Little: We’re working on deal in Charlotte for the University of North Carolina, and that market has high barriers to entry. It’s a school of 30,000 students, but there’s only been about 5 transactions since 2014. So that’s not a lot of production for a school of that size. A school of 30,000 students would probably have between 10 and 15 projects serving that marketplace. So we look for markets like this, that aren’t overbuilt, where there’s still demand. The university there is growing as well – the total net growth of the UNC system for the last 5 years has been at UNC Charlotte. And the product here on the ground is full. It’s getting good rents and increasing annually over 3%.
CAPRE: Let’s talk about your projects that have gone to market recently. How are they performing?
Little: Our assets have been doing very, very well for last few years. On a national basis, student housing is 95% occupied. Our deal at Chico is over 94% pre-leased for the fall. We’ve still got another month and a half to go, so we anticipate we’ll be at 100% in that asset. In the asset we’re preleasing and is under construction in Arlington, we’re approaching 88% pre-leased, and leasing at about 2-3% per weak. We anticipate we’ll be above 95% in that asset as well.
In our property for UMass Amherst, there are only 351 beds. UMass Amherst is the largest public university in all of New England, so our capture ratio will be low. But there have only been 600 beds delivered in that market in the last 10 years…so again, that’s why we went there.
CAPRE: What kind of units do you offer?
Little: We have broadened our offerings on student-oriented development. We used to build, and most people still do build, a majority of 4-bedroom apartments. We’ve broadened that to what we call micro-units, or studios and efficiencies. Those are very popular. We also built 2, 3, 4, and 5 bedrooms where it’s allowed. We find that the broader the offering we have, the better our capture ratio that we have in many markets, than some of our markets that have 80-90% 4 bedrooms.
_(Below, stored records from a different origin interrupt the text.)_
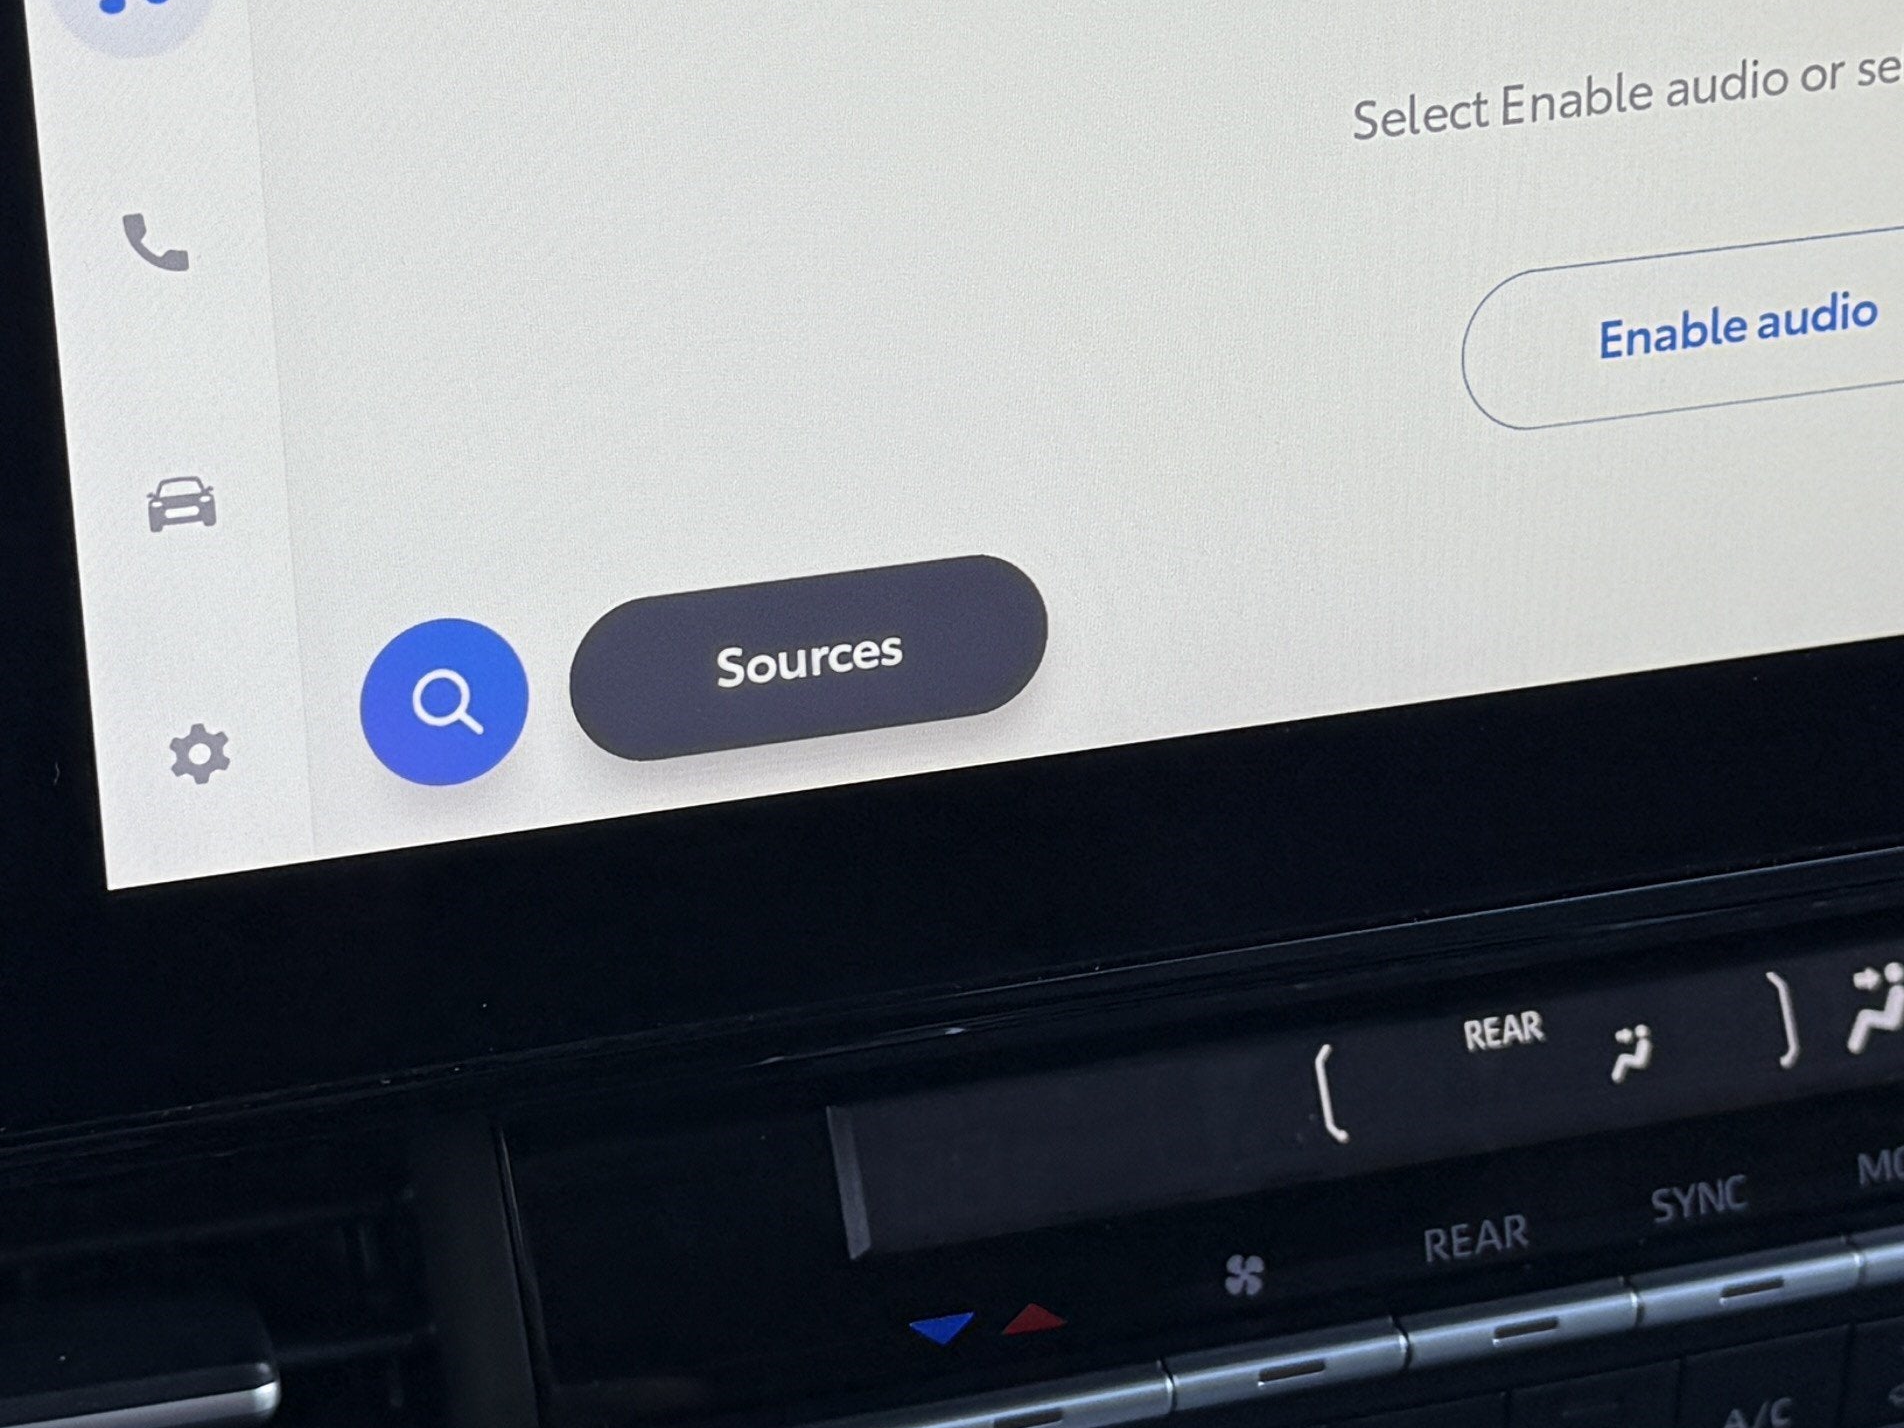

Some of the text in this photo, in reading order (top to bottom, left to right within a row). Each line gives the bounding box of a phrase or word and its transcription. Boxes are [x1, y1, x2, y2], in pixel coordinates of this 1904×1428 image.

[1353, 91, 1490, 141] Select
[1502, 71, 1654, 126] Enable
[1666, 58, 1789, 107] audio
[1800, 61, 1846, 92] or
[1600, 290, 1878, 360] Enable audio
[717, 637, 903, 688] Sources
[1463, 1010, 1544, 1051] REAR
[1651, 1173, 1748, 1224] SYNC
[1424, 1213, 1529, 1263] REAR
You do market research and you hear people say that they were waiting to fill up their last units at the last minute, but their 1 and 2 bedrooms filled up right away. So why don’t you build more of those?
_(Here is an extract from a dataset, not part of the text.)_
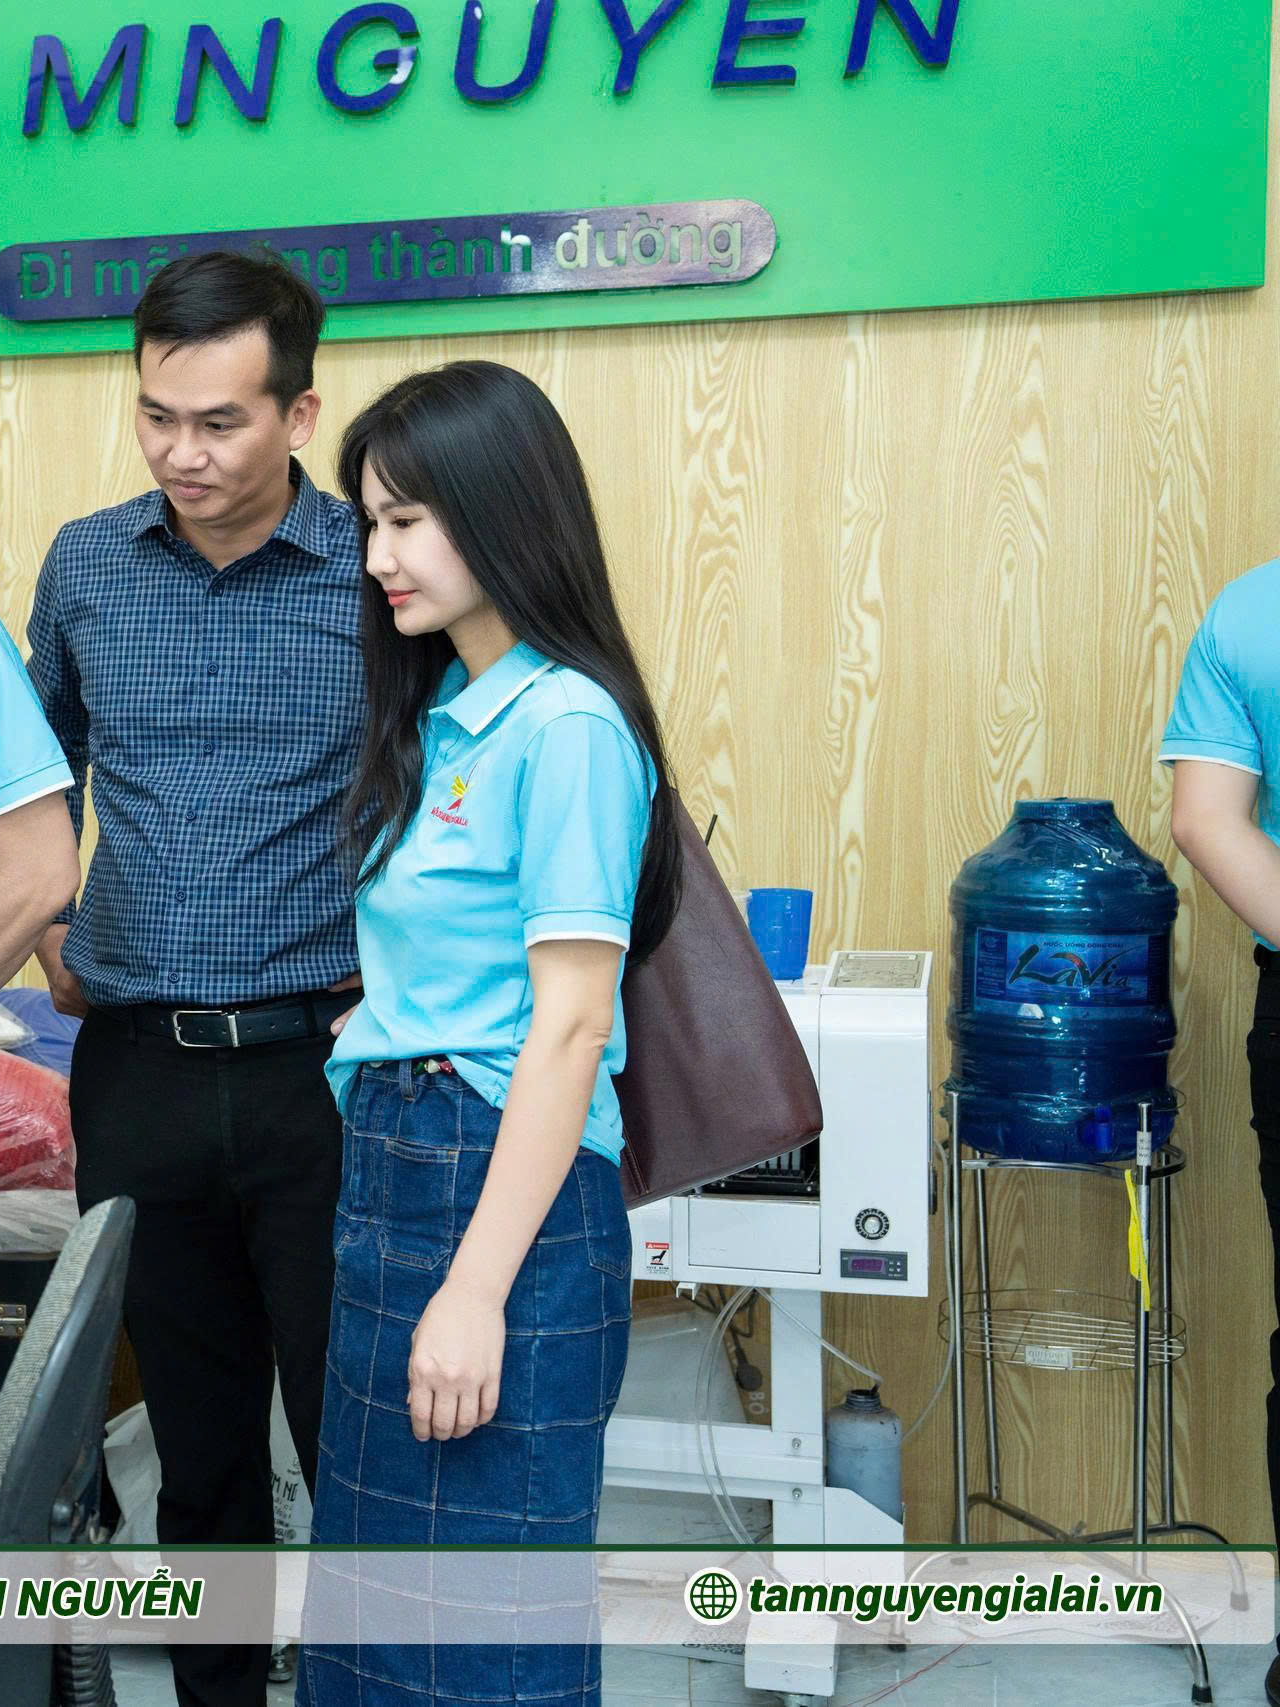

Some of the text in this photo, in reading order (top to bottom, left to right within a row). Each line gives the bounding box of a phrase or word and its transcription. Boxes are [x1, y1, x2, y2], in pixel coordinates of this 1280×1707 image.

[19, 250, 72, 300] Đi
[369, 226, 533, 281] thành
[554, 212, 743, 275] đường
CAPRE: What are you looking forward to about CAPRE’s upcoming Colorado Student Housing Forum?
Little: The last one of these I went to was up in Toronto. I hadn’t been to Toronto for 10-15 years and it was good to get to that marketplace and see how things are doing. That’s really what I’m looking forward to about the Colorado event as well. I haven’t spent quality time up in Colorado recently, so I look forward to seeing how they’re doing and seeking opportunities for development in those Colorado markets.
CAPRE: Last question. What’s the bottom line in the student housing market?
Little: Well, for student housing in general, we’re down a third from our peak about five years ago. We used to be delivering 60k-65k beds per year and now we’re down to 40k-45k beds per year. The market has contracted. At the same time, the asset class has become more of an institutional class. So there’s more money than deals, and that’s keeping us busy. There’s a demand for this asset class that’s just not being fulfilled. People are still struggling to find those good sites and bring them to market, as it’s become harder to find entitlements and do construction over the last few years.
CAPRE: Got it. Thanks for your time, Brent. We’ll see you in Colorado!